Fracta
One day I started to break down. First, inside, not in the guts, but in the soul. Then on the outside. I don’t really remember the order of the factors, but I did become more aware that this breakdown would mark who I am and where I was headed.
My work Fracta is a triptych of pain, of rupture, of emotion. When pain becomes a constant, such as hand-washing, combing or showering; it becomes a fixed, permanent, distressing image; it becomes an obsession. My obsession. Never before in my creations have I expressed this experience so explicitly. They were more like pieces, sketches, memories of it. In Fracta naked something very intimate. It is the story of a process of personal acceptance, when my world was besieged by continuous physical pain, which took over my identity.
Through these severed limbs, starting from a knee that gradually destabilizes the entire bone structure until it damages the ligaments, I want to express the pain, my pain, that oppressed me and locked all my dreams in a cage. I felt like a little doll, one of those dolls that can be easily disassembled, with removable limbs. Like mathematical fractals, everything becomes entangled in sharp lines, which run through bare bodies. All of them, mine. Destined, like the martyrs of the seventeenth century with their Byzantine gilt, to a kind of incomprehensible torture.

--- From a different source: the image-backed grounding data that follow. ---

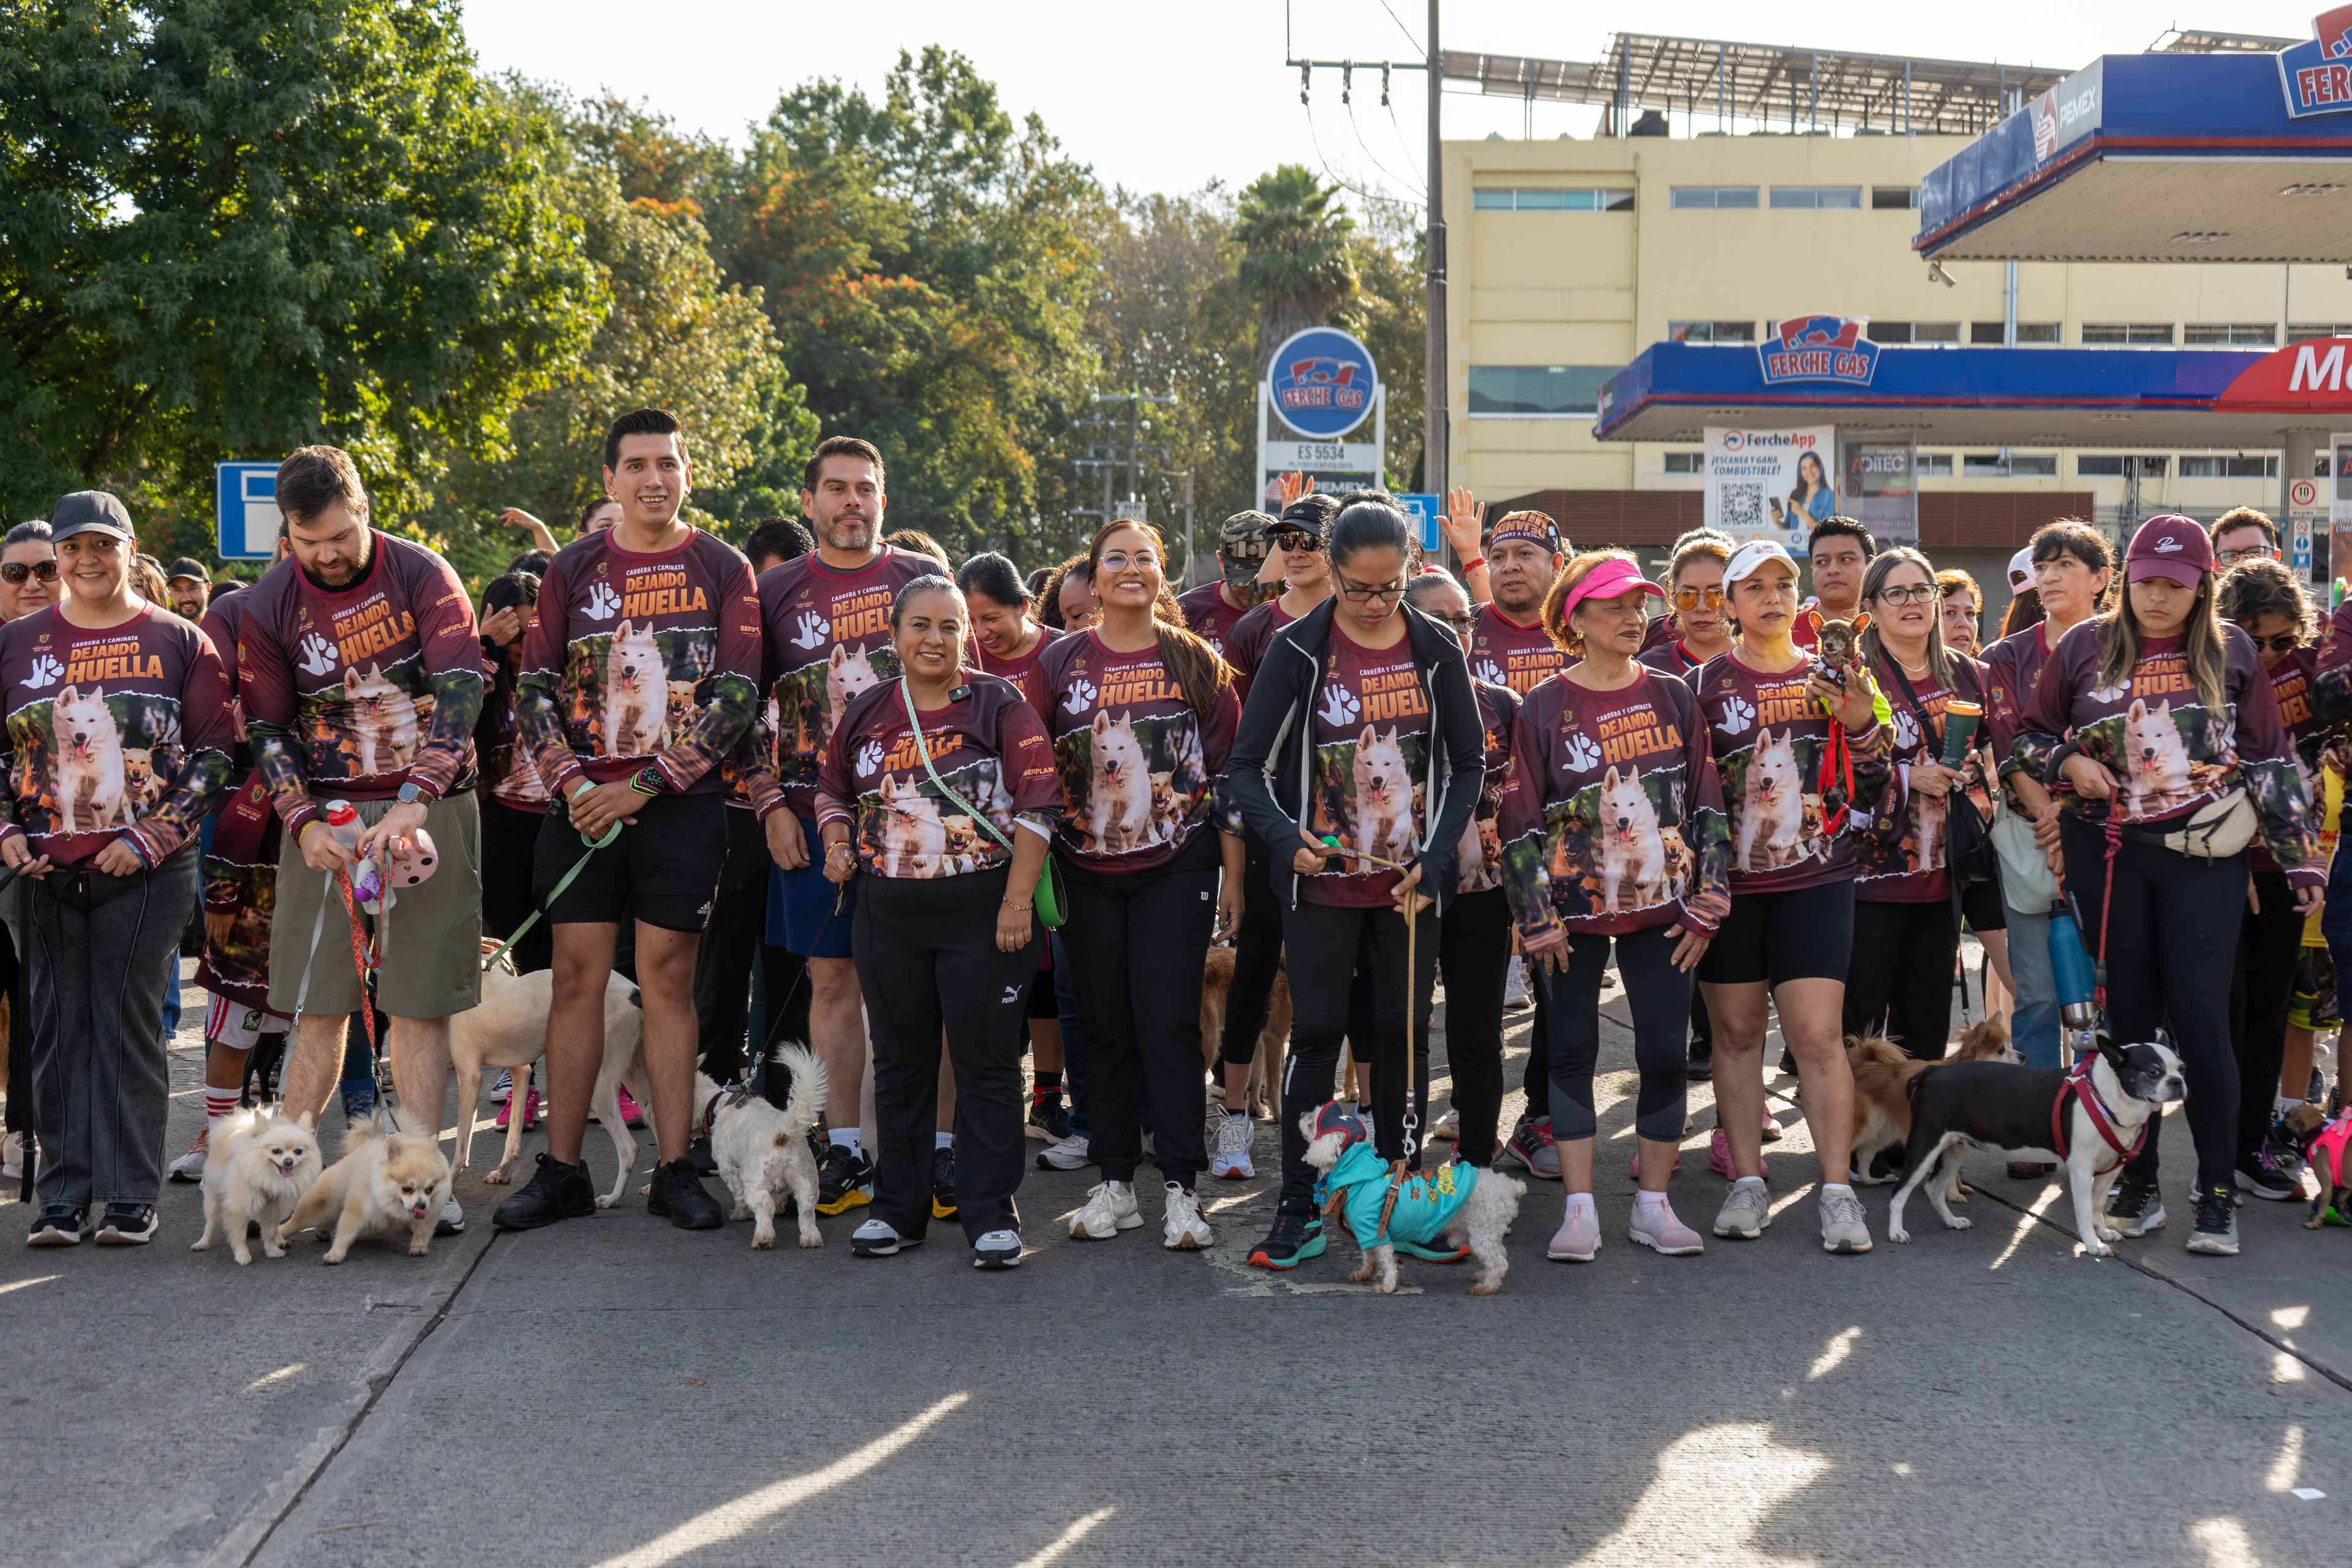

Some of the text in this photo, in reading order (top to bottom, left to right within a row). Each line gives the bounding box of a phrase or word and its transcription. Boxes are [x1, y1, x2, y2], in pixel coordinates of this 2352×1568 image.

[2297, 63, 2352, 107] FER
[2060, 85, 2095, 129] PEMEX
[1768, 351, 1870, 378] FERCHE GAS
[2288, 344, 2352, 392] M
[1283, 387, 1363, 409] FERCHE GAS
[1747, 432, 1816, 448] FercheApp
[1298, 445, 1344, 460] ES 5534
[1757, 456, 1778, 464] GANA
[1714, 464, 1781, 475] COMBUSTIBLE!
[2299, 487, 2309, 497] 10
[1492, 520, 1547, 540] DEJANDO
[625, 572, 687, 593] DEJANDO
[626, 567, 651, 576] CARRERA
[622, 586, 707, 618] HUELLA
[831, 591, 856, 602] CARRERA
[862, 584, 889, 594] CAMINATA
[832, 591, 892, 617] DEJANDO
[332, 608, 356, 621] CARRERA
[361, 592, 385, 608] CAMINATA
[334, 600, 390, 638] DEJANDO
[832, 606, 894, 643] HUEL
[72, 637, 100, 647] CARRERA
[339, 610, 417, 666] HUELLA
[70, 642, 140, 662] DEJANDO
[1508, 654, 1564, 670] DEJANDO
[65, 655, 164, 684] HUELLA
[1102, 668, 1164, 685] DEJANDO
[1360, 667, 1385, 676] CARRERA
[1391, 662, 1415, 671] CAMINAT
[1098, 681, 1183, 708] HUELLA
[1757, 685, 1806, 701] DEJAND
[2133, 673, 2195, 698] HUEL
[1597, 711, 1621, 723] CARRERA
[1627, 703, 1652, 714] CAMINATA
[1599, 710, 1657, 739] DEJANDO
[1602, 724, 1683, 764] HUELLA
[1886, 789, 1894, 815] VERACRUZ

The heeled shoe, an object so attractive to me, became a forbidden thing, and therefore a desired symbol of femininity. A dance, so often a relief in my moments of anger, accompanies the triptych, as an ephemeral memory of my free and then awkward movements. Of my struggle to follow the natural line of my hips.
Once again, I use a language full of symbols, metaphors and fetishes to express such a personal universe. Ripped stockings, collages of nude clippings from the 1920s; toys from the last century, belonging to my paternal grandmother, representing the pillar of life that was for me; the nervously improvised acrylic splashed in a nervous and improvised way, a reflection of despair and various anxieties; fragments of vintage magazines in French, a language I do not understand, far from my reality and which represents what it meant to psychoanalyse my recovery; the opaque coloured powder of «pastel» and recycling are some of the elements I have used to convey the emotions I felt during this process.
Today Fracta lives with me, elevates me in an eternal échapé. I can express it because it has mutated like me. After many phases, she’s me too, and being me, it hurts less. What used to be waste is now overcoming and sheltering.
Miriam Martínez Abellán
Fracta del latin, <<Quebrada>>, is the title of a personal work I did for a major project entitled Obsesio, along with other international artist; Polonia, Francia, Australia, y EE.UU. Coordinated by Belén Conesa from the residence of Contemporary Art ‘La Postiza’ of Murcia, it could materialize in the Centro Párraga of Murcia.